[Image-backed grounding data]

──────────

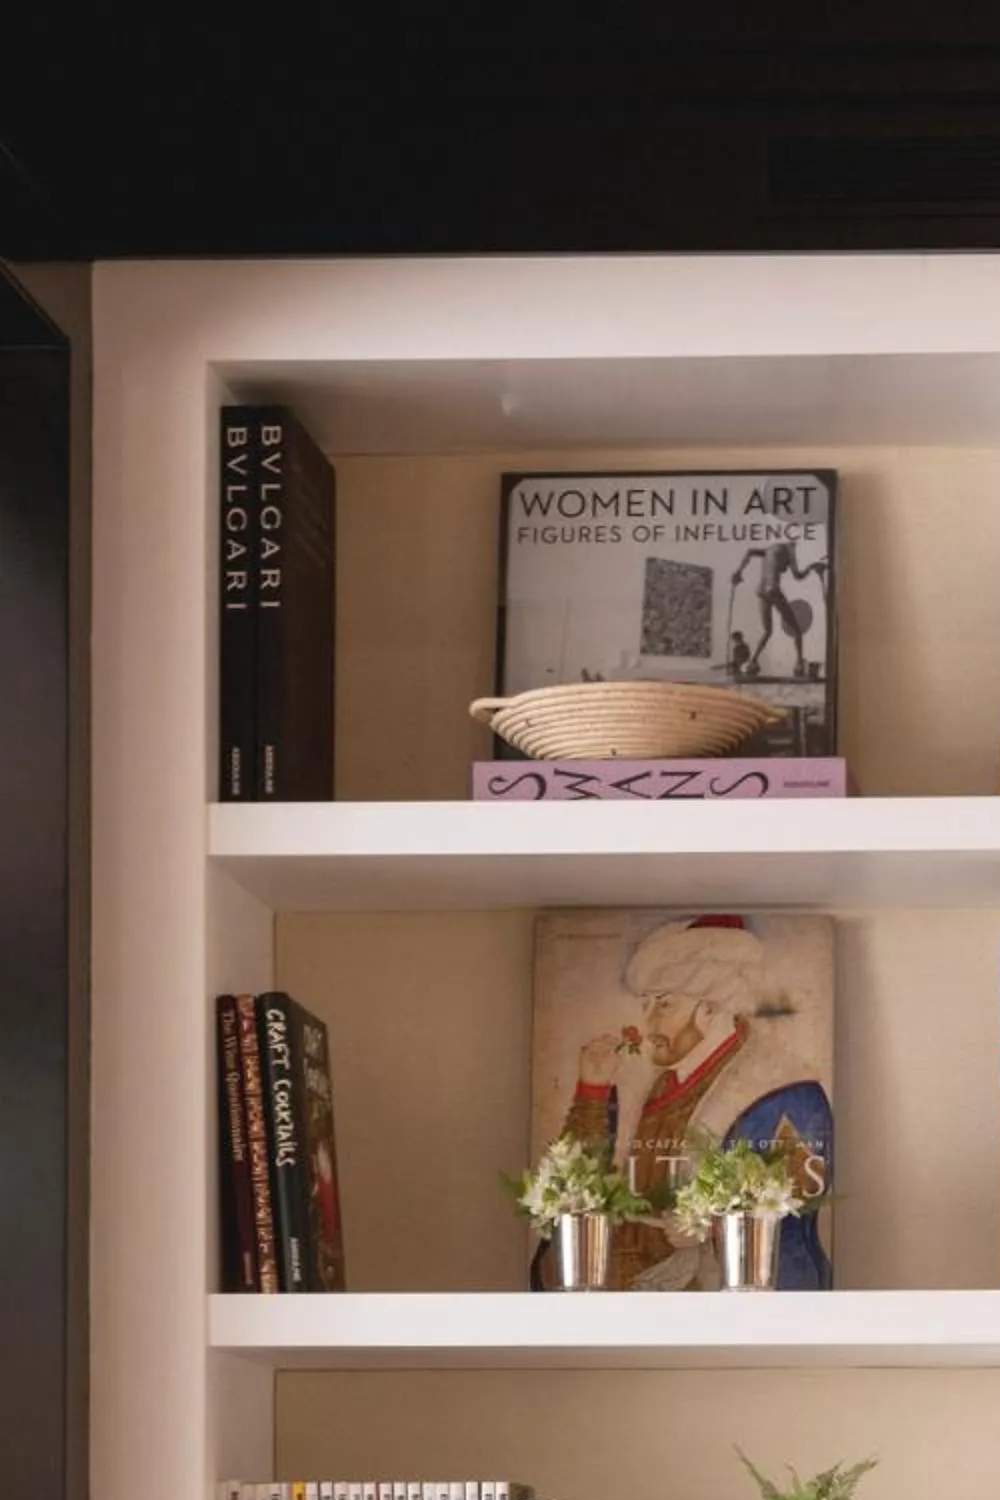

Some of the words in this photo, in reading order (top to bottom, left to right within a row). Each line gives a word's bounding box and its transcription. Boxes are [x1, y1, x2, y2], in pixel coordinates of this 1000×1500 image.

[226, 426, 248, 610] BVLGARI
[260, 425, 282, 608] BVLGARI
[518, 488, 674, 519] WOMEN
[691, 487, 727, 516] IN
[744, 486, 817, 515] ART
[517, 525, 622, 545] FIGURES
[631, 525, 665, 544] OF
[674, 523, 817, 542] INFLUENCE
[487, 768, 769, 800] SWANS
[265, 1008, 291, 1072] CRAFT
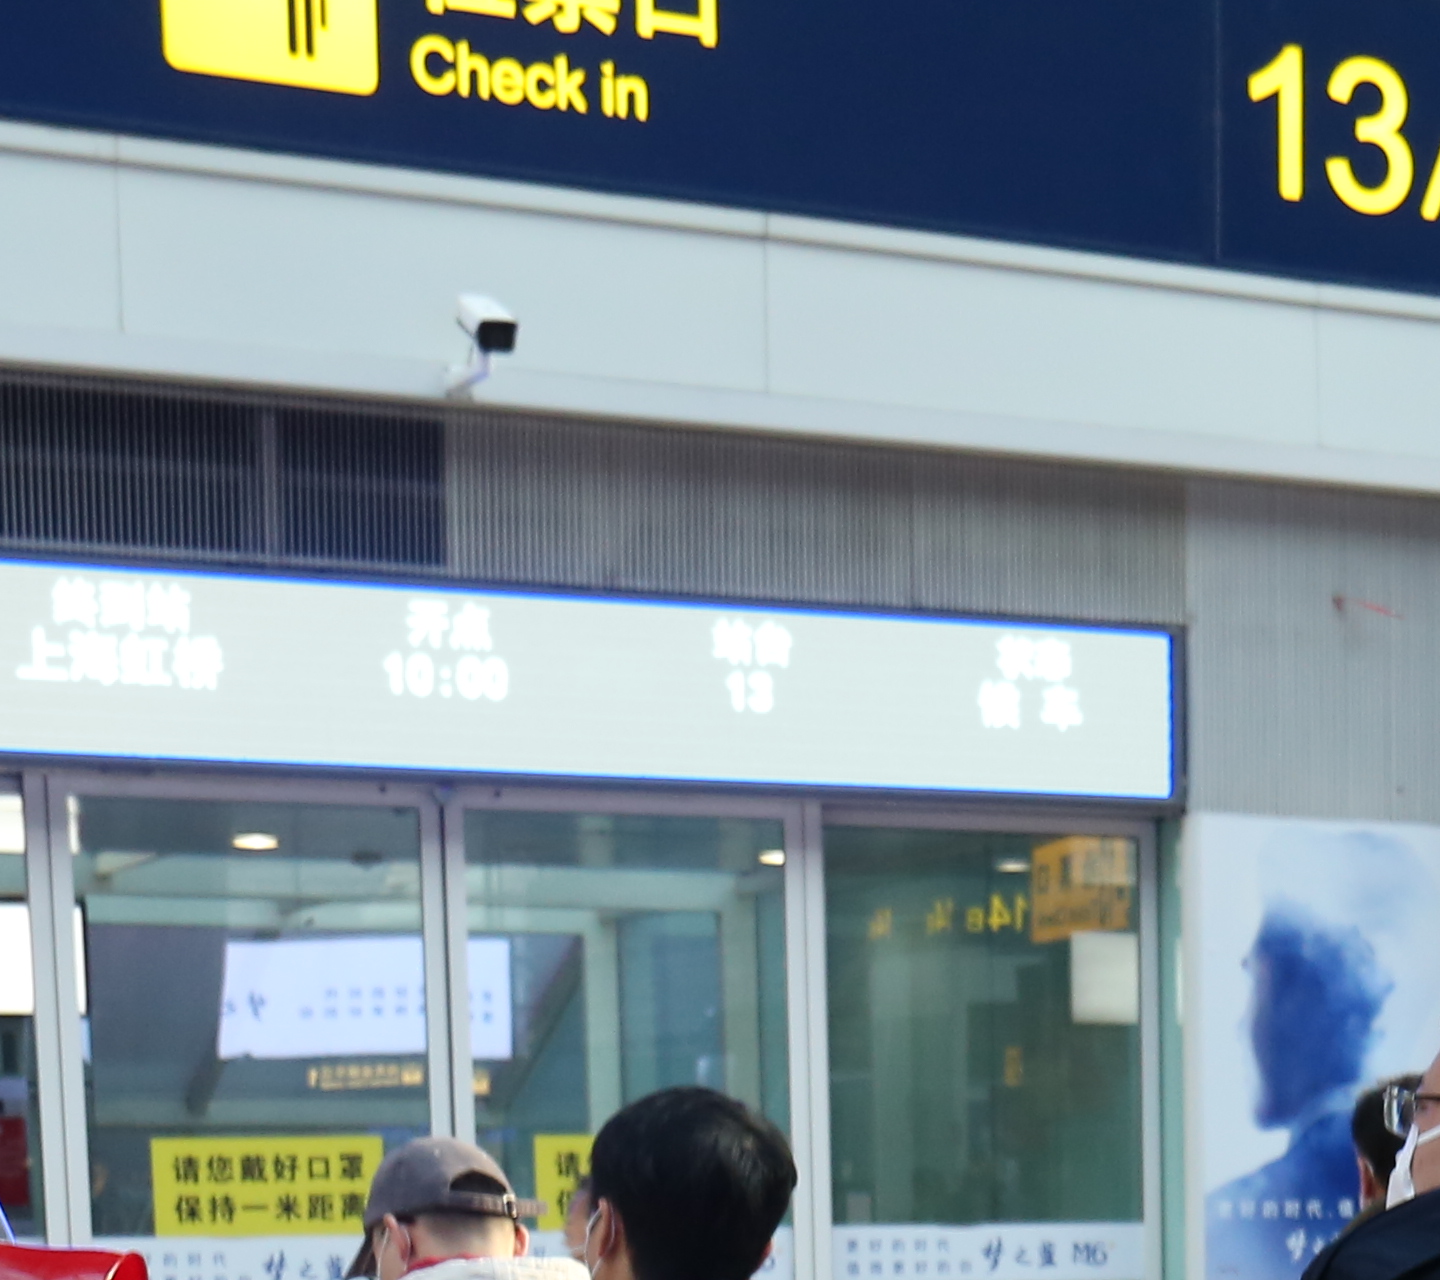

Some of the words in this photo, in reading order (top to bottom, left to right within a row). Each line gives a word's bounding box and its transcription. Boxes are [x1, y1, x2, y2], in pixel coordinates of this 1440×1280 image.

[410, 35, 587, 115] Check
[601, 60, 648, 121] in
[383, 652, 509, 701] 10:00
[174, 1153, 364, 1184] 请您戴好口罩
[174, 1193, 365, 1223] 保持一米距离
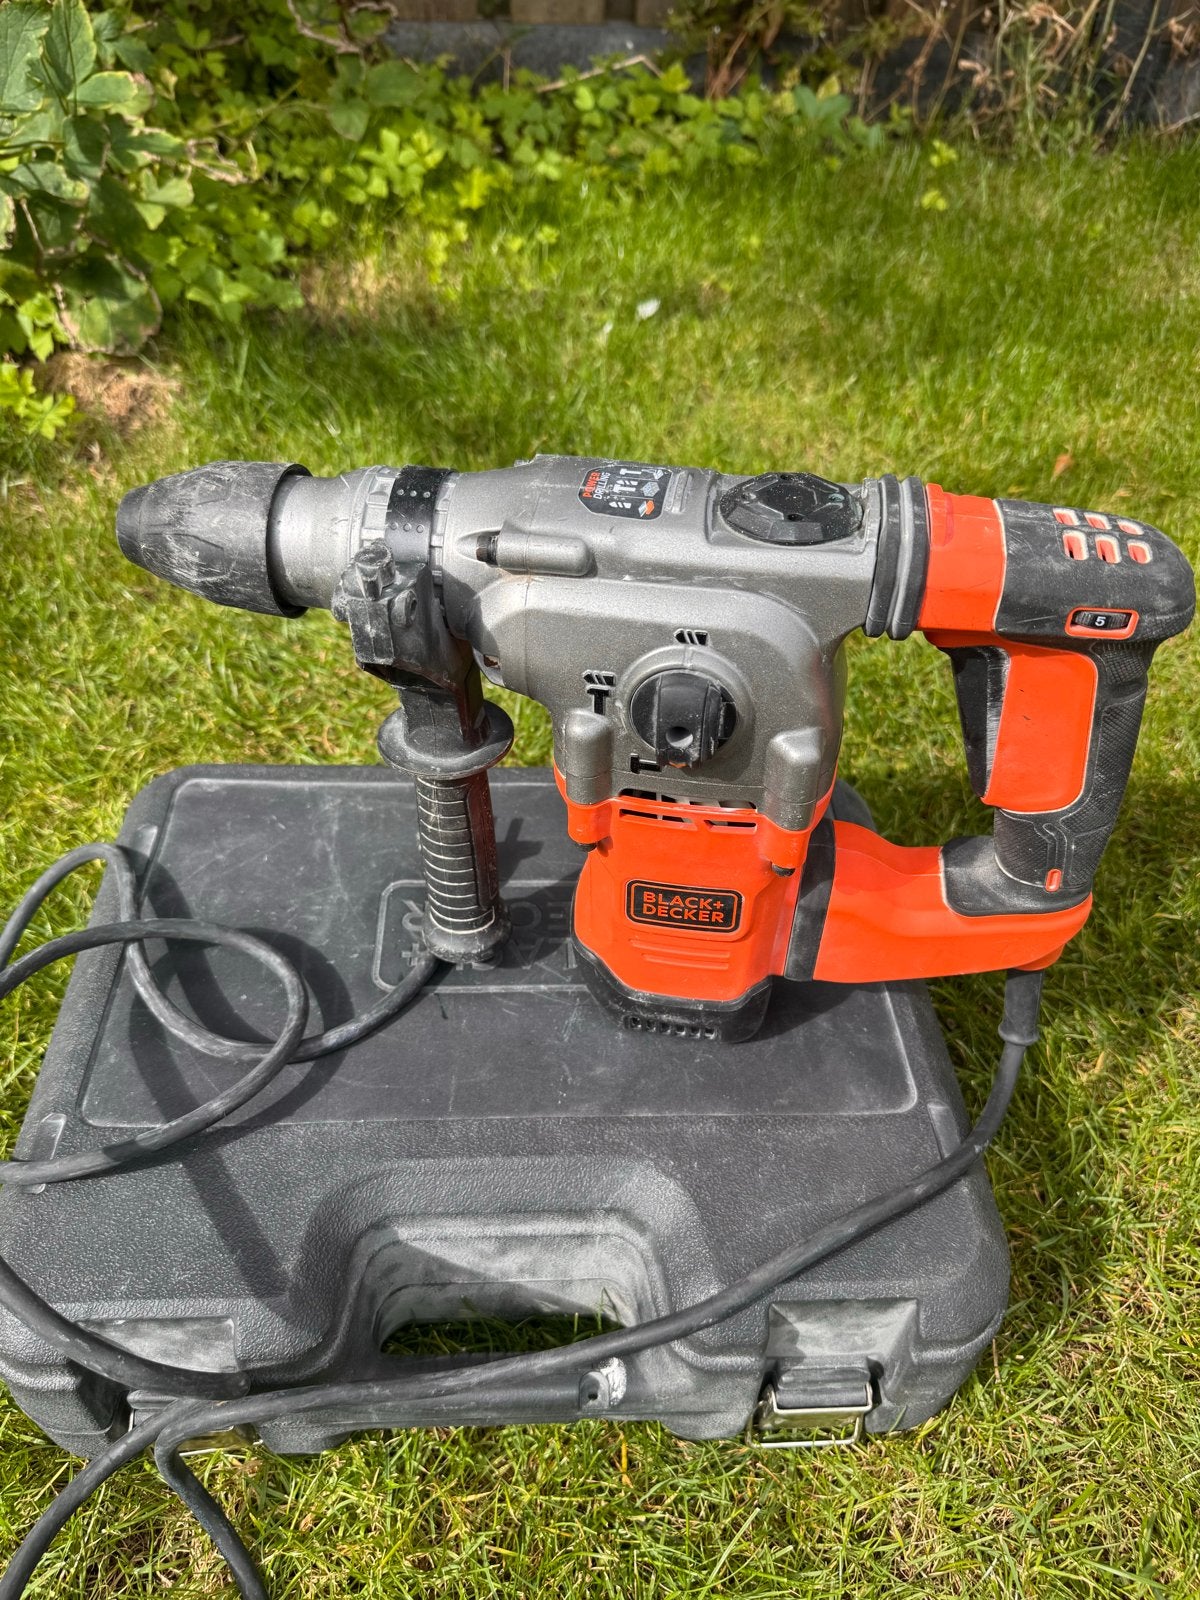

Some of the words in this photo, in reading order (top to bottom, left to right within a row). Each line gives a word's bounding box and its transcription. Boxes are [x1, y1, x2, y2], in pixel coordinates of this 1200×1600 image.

──────────

▸ THE PROBLEM
Where an entry holds an image, drop the image and copy the remaining text exactly.

▸ EXERCISE RESPONSE
Some of the words in this photo, in reading order (top to bottom, left to right within a row). Each line gives a word's bounding box and its transcription. Boxes are [x1, y1, x2, y2], in pixel coordinates of this 1000×1500 image.

[226, 426, 248, 610] BVLGARI
[260, 425, 282, 608] BVLGARI
[518, 488, 674, 519] WOMEN
[691, 487, 727, 516] IN
[744, 486, 817, 515] ART
[517, 525, 622, 545] FIGURES
[631, 525, 665, 544] OF
[674, 523, 817, 542] INFLUENCE
[487, 768, 769, 800] SWANS
[265, 1008, 291, 1072] CRAFT

Some of the words in this photo, in reading order (top to bottom, left to right within a row). Each line gives a word's bounding box and its transcription. Boxes are [x1, y1, x2, y2], in pixel coordinates of this 1440×1280 image.

[410, 35, 587, 115] Check
[601, 60, 648, 121] in
[383, 652, 509, 701] 10:00
[174, 1153, 364, 1184] 请您戴好口罩
[174, 1193, 365, 1223] 保持一米距离

Some of the words in this photo, in reading order (top to bottom, left to right within a row). Each line gives a word's bounding box and its transcription. Boxes are [x1, y1, x2, y2], in pixel coordinates of this 1200×1600 image.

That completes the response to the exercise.